Confidential Computing: Attestation Service Integration

Data used in NVFlare are encrypted during transmission between participants, which covers the communication between the NVFlare server, clients and admin. This security measure ensures data in transit is well protected. Users can also utilize existing infrastructure, such as storage encryption, to protect data at rest. With confidential computing, NVFlare can protect data in use and thus completes securing the entire lifecycle of data.

Confidential computing in NVFlare is designed to explicitly establish the trust between participants. Each participant must first capture the evidences related to the hardware (such as GPU), the software (GPU driver and VBIOS) and other components in its own platform. The evidences will be validated and signed to ensure its validity and authenticity. The owner of signed evidence, called confidential computing token (CC token), can demonstrate the information about its computing environment to other participants by providing the CC token. Upon receiving CC token, the participant (the relying party) can verify the claims inside the CC token against it own security policy on whether the CC token owner is using required hardware/software/components for security. If the relying party finds the CC token does not meet its security policy, the relying party can inform the system that it chooses not to join the job deployment and will not exchange models with others. Only participants who trust and is trusted by one another will work together to run the NVFlare job.

Configuring CC Manager

In order to enable confidential computing in NVFlare, users need to include the CC manager, as a component, inside the resources.json file of startup kit local folder. The entire NVFlare system must configure with CC manager for either all participants or no participants.

The CC manager component depends on NVIDIA Attestation SDK. Users have to install it as a prerequisite. This SDK also depends on other software stacks, such as GPU verifier, driver and others.

The following is the sample configuration of CC manager.

{
    "id": "cc_manager",
    "path": "nvflare.app_opt.confidential_computing.cc_manager.CCManager",
    "args": {
        "verifiers": [{"devices": "gpu", "env": "local", "url":"", "appraisal_policy_file":"evidence.plc","result_policy_file":"result.plc"}]
    }
},

The id is used internally to NVFlare so that other components can get its instance. The path is the complele python module hierarchy. The args contains only the verifiers, a list of possible verifiers. Each verifier is a dictionary and its keys are “devices”, “env”, “url”, “appraisal_policy_file” and “result_policy_file.”

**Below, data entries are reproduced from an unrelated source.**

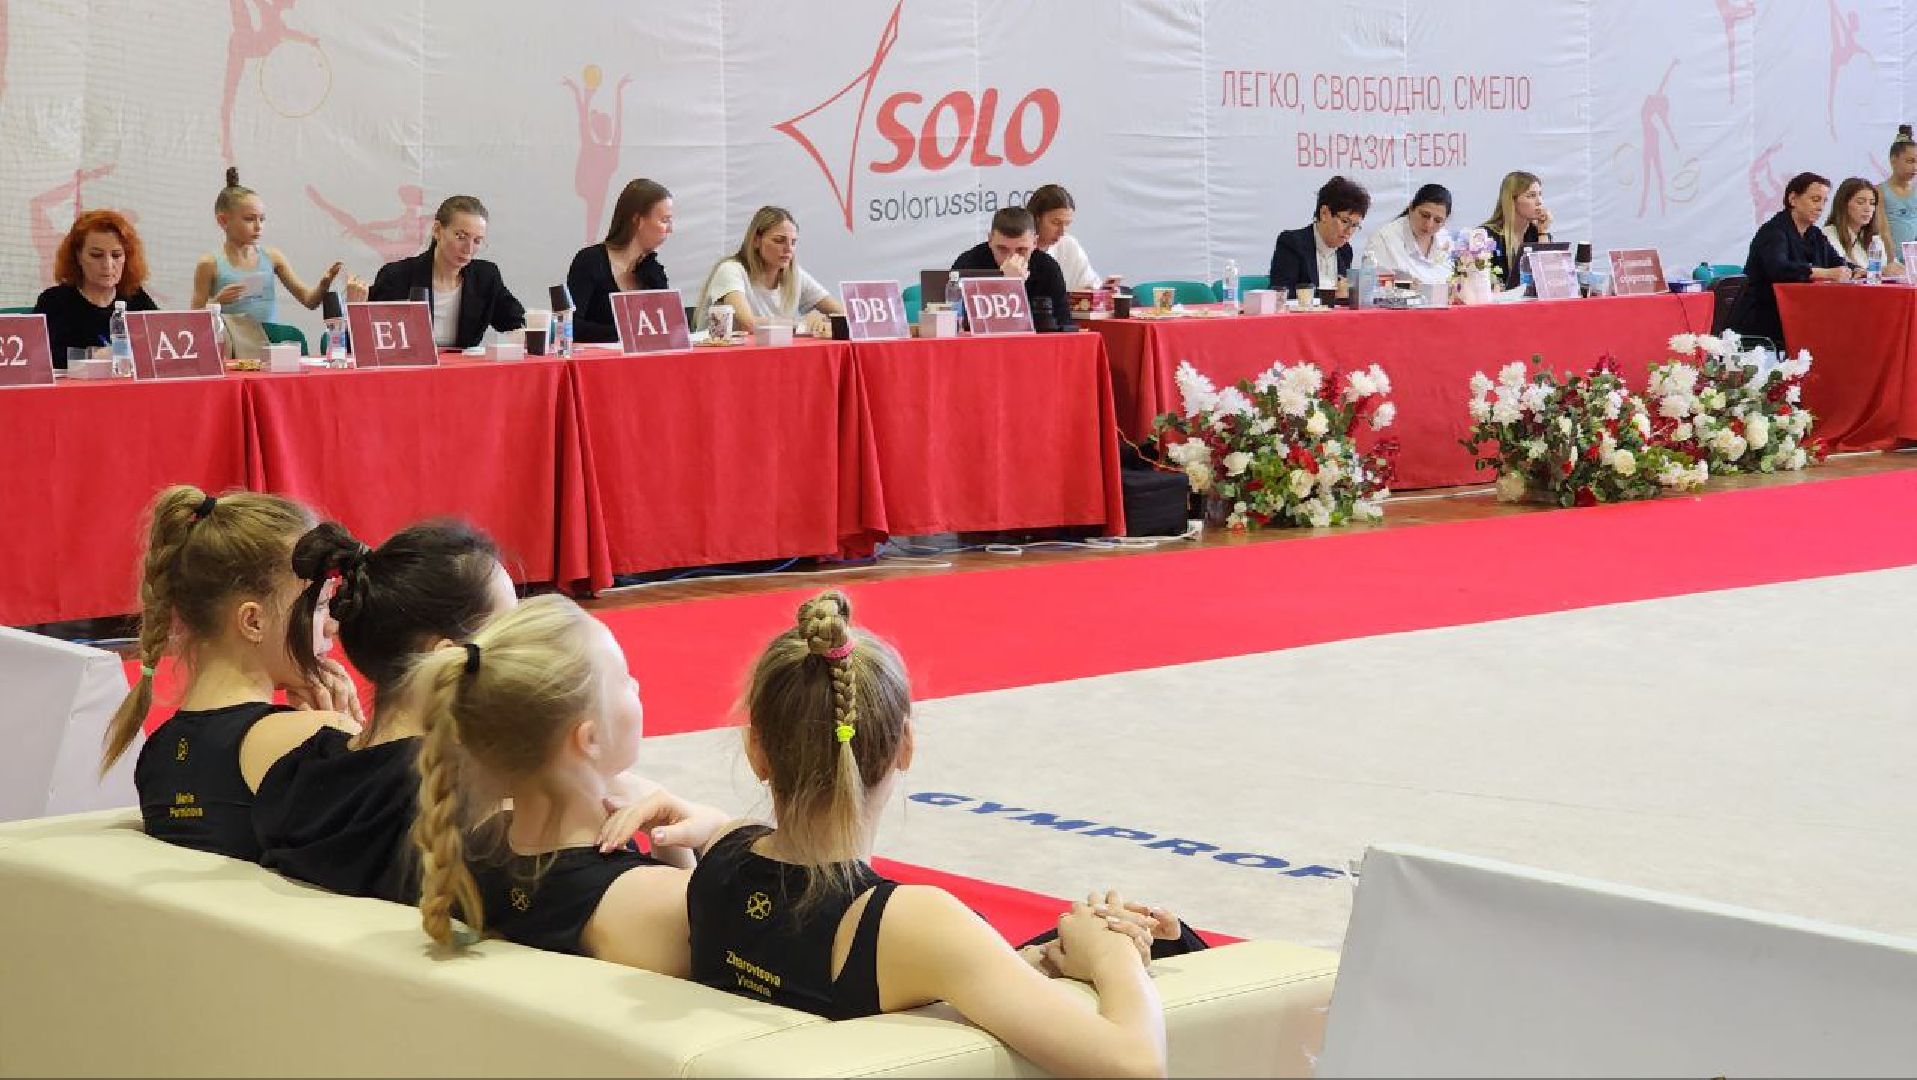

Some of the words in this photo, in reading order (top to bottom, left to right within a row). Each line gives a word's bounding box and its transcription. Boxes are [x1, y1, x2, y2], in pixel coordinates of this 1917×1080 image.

[1221, 70, 1305, 114] ЛЕГКО,
[1313, 74, 1446, 115] СВОБОДНО,
[1454, 75, 1530, 111] СМЕЛО
[870, 88, 1060, 173] SOLO
[1296, 132, 1395, 169] ВЫРАЗИ
[1403, 132, 1467, 167] СЕБЯ!
[637, 307, 671, 336] A1
[849, 297, 899, 323] DB1
[972, 294, 1025, 320] DB2
[155, 330, 198, 360] A2
[373, 320, 412, 350] E1
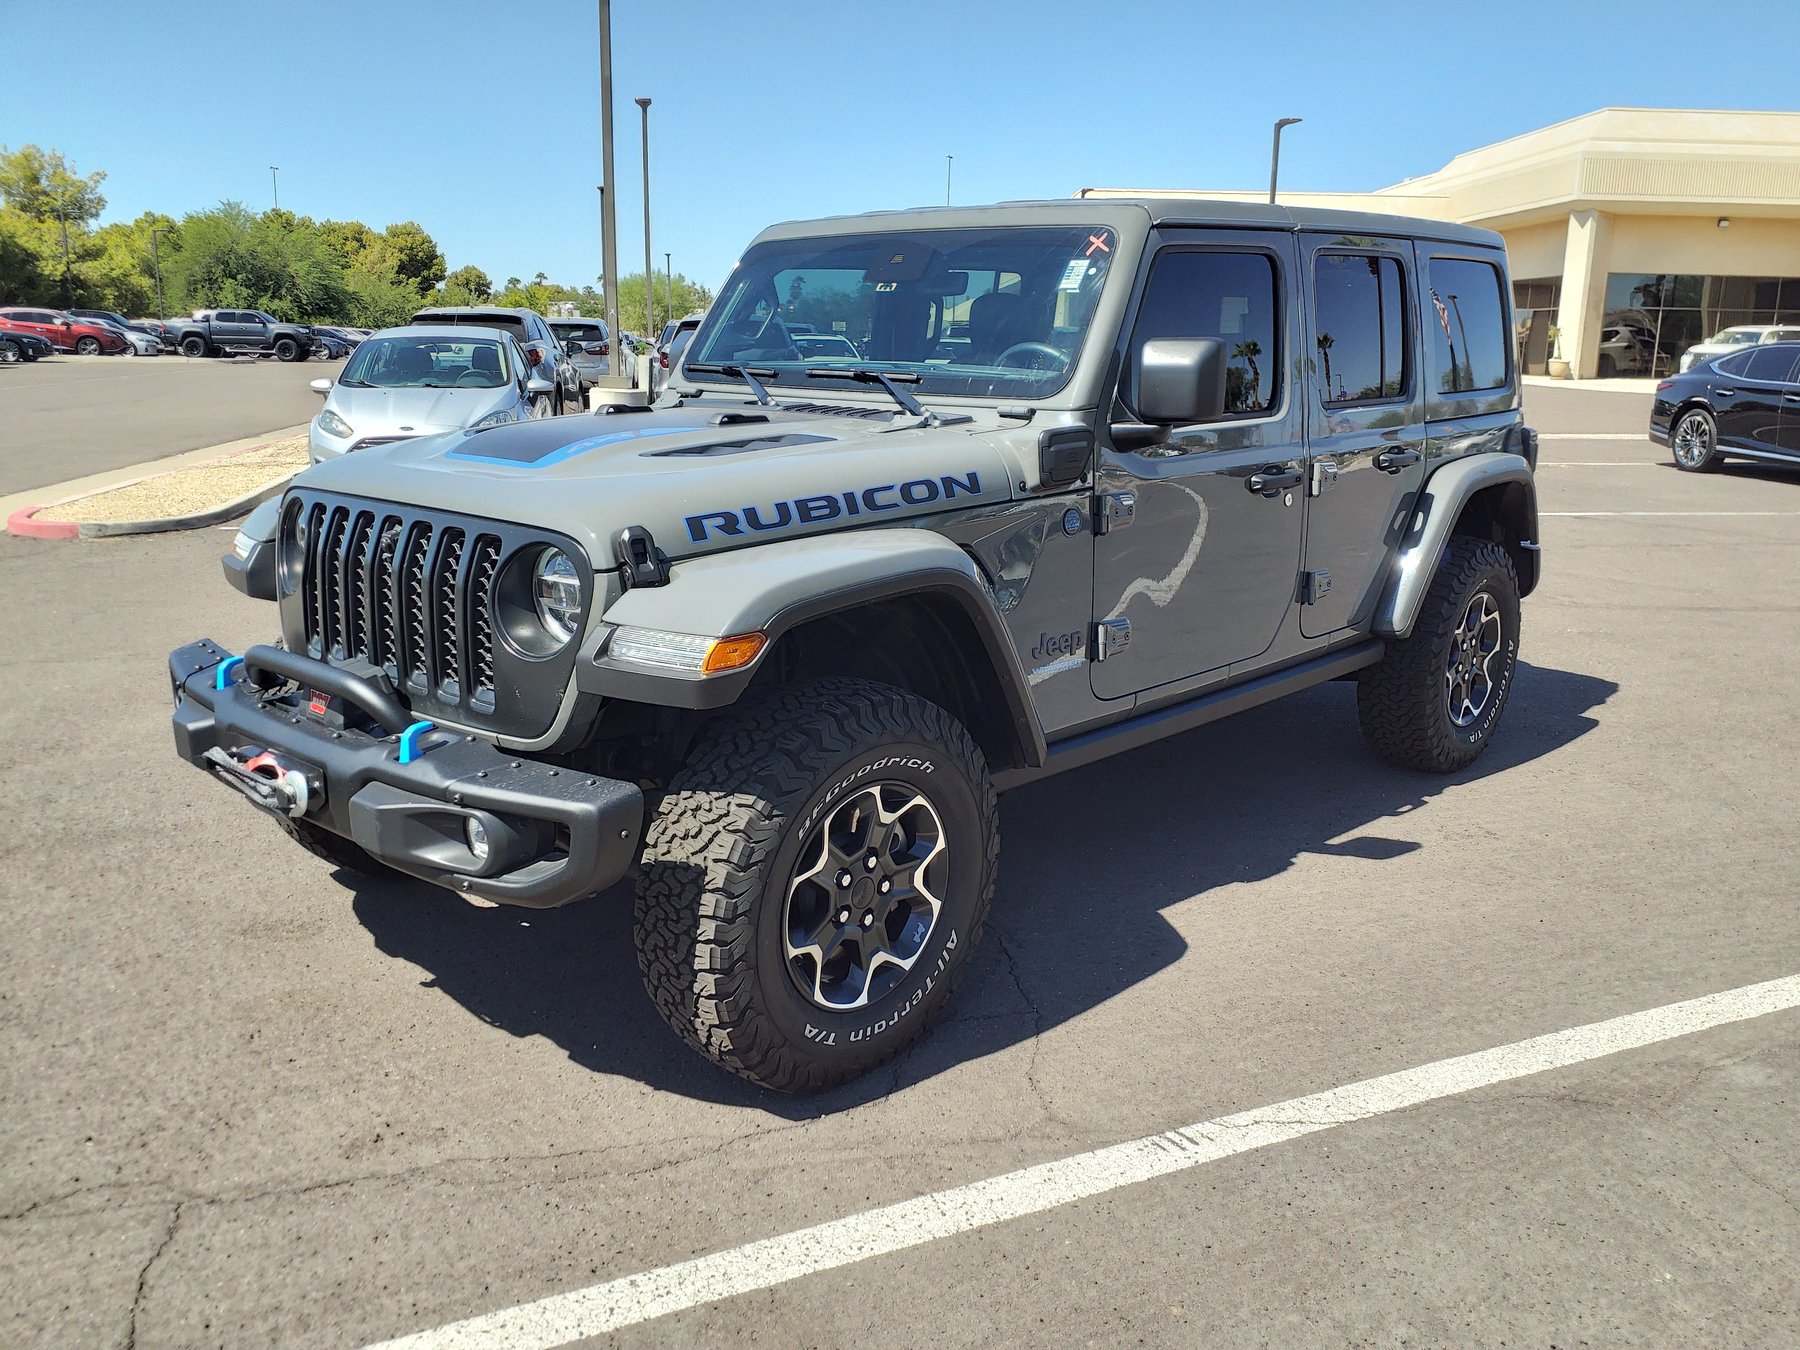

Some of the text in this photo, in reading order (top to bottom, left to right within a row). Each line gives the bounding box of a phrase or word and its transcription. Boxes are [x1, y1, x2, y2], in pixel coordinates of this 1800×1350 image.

[683, 471, 983, 544] RUBICON
[1031, 630, 1082, 660] Jeep
[1469, 730, 1484, 744] T/A
[798, 755, 936, 842] BFGoodrich
[803, 928, 959, 1046] All-Terrain T/A
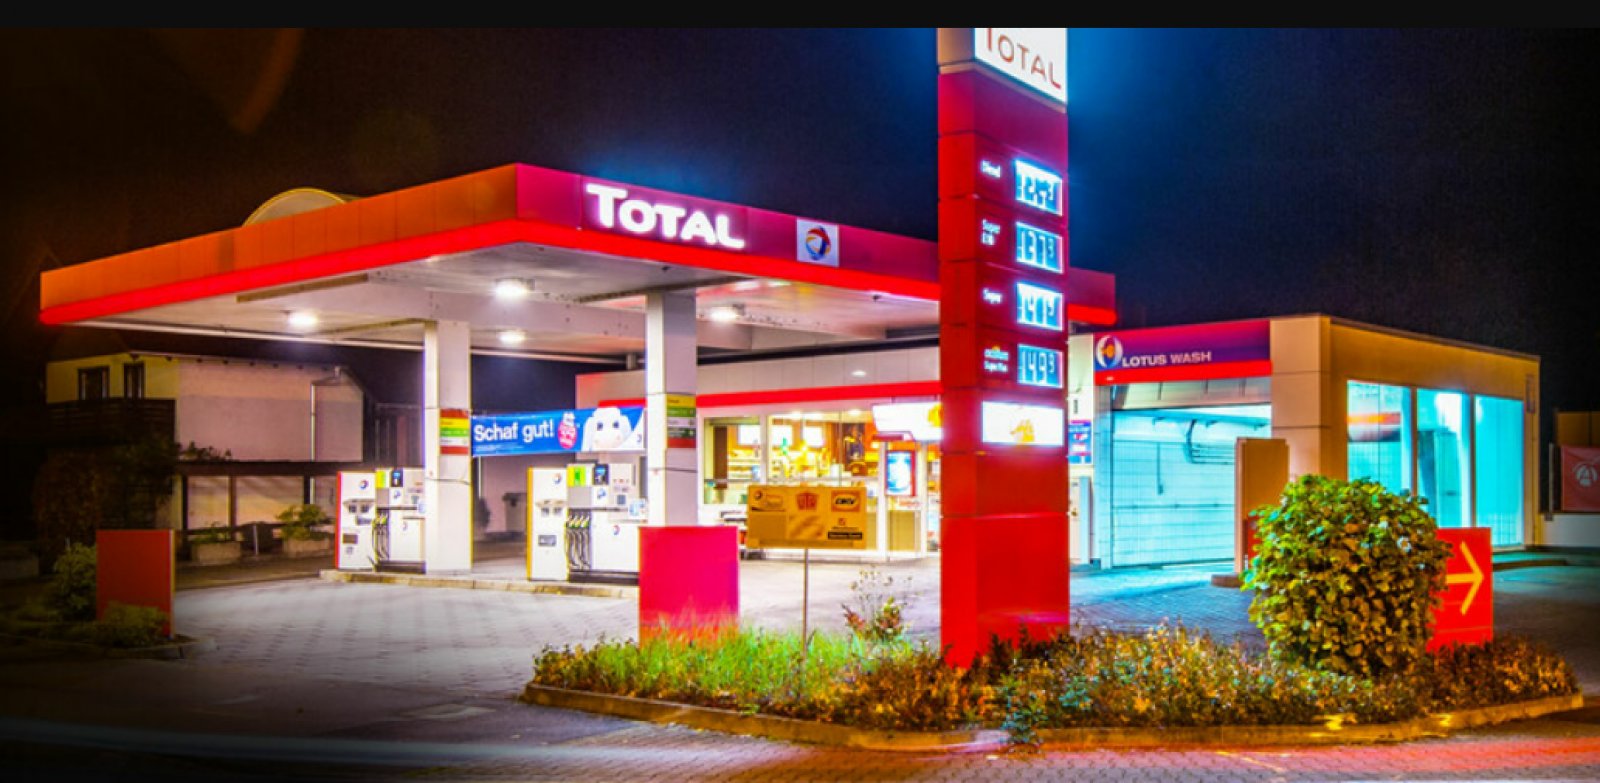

The value of devices is either “gpu” or “cpu” for current Attestation SDK. The values of env is either “local” and “test” for current Attestation SDK. Currently, valid combination is gpu and local or cpu and test. The value of url must be an empty string. The appraisal_policy_file and result_policy_file must point to an existing file. The former is currently ignored by Attestation SDK. The latter currently supports the following content only

{
    "version":"1.0",
    "authorization-rules":{
        "x-nv-gpu-available":true,
        "x-nv-gpu-attestation-report-available":true,
        "x-nv-gpu-info-fetched":true,
        "x-nv-gpu-arch-check":true,
        "x-nv-gpu-root-cert-available":true,
        "x-nv-gpu-cert-chain-verified":true,
        "x-nv-gpu-ocsp-cert-chain-verified":true,
        "x-nv-gpu-ocsp-signature-verified":true,
        "x-nv-gpu-cert-ocsp-nonce-match":true,
        "x-nv-gpu-cert-check-complete":true,
        "x-nv-gpu-measurement-available":true,
        "x-nv-gpu-attestation-report-parsed":true,
        "x-nv-gpu-nonce-match":true,
        "x-nv-gpu-attestation-report-driver-version-match":true,
        "x-nv-gpu-attestation-report-vbios-version-match":true,
        "x-nv-gpu-attestation-report-verified":true,
        "x-nv-gpu-driver-rim-schema-fetched":true,
        "x-nv-gpu-driver-rim-schema-validated":true,
        "x-nv-gpu-driver-rim-cert-extracted":true,
        "x-nv-gpu-driver-rim-signature-verified":true,
        "x-nv-gpu-driver-rim-driver-measurements-available":true,
        "x-nv-gpu-driver-vbios-rim-fetched":true,
        "x-nv-gpu-vbios-rim-schema-validated":true,
        "x-nv-gpu-vbios-rim-cert-extracted":true,
        "x-nv-gpu-vbios-rim-signature-verified":true,
        "x-nv-gpu-vbios-rim-driver-measurements-available":true,
        "x-nv-gpu-vbios-index-conflict":true,
        "x-nv-gpu-measurements-match":true
    }
}

Runtime behavior

When one participant, either server or client, starts, the CC manager reacts to EventType.SYSTEM_BOOTSTRAP and retrieves its own CC token via Attestation SDK after the Attestation SDK successfully communicates with the software stacks and hardware. This CC token will be stored locally in CC manager.

When the client registers itself to the server, it also includes its CC token in the regsitration data. Server will collect the client’s CC token if it successfully registers. The server CC manager keeps all client’s CC tokens as well as its own token.

After a submitted job is schedule to be deployed, the server verifies CC tokens of clients that are included in the deployment map basd on its result policy. If server finds

all tokens from clients in the deployment map are verified successfully, those tokens will be sent to clients in deployment map for client side verification. The client can determine whether it wants to join this job or not based on the result of verifying others’ CC tokens against its own result policy. If one client decides not to join the job, server will not deploy that job to that client.

The server job scheduler will determine if the job has enough resources to be deployed and will determine the job’s final status based on resource availability and retry policy.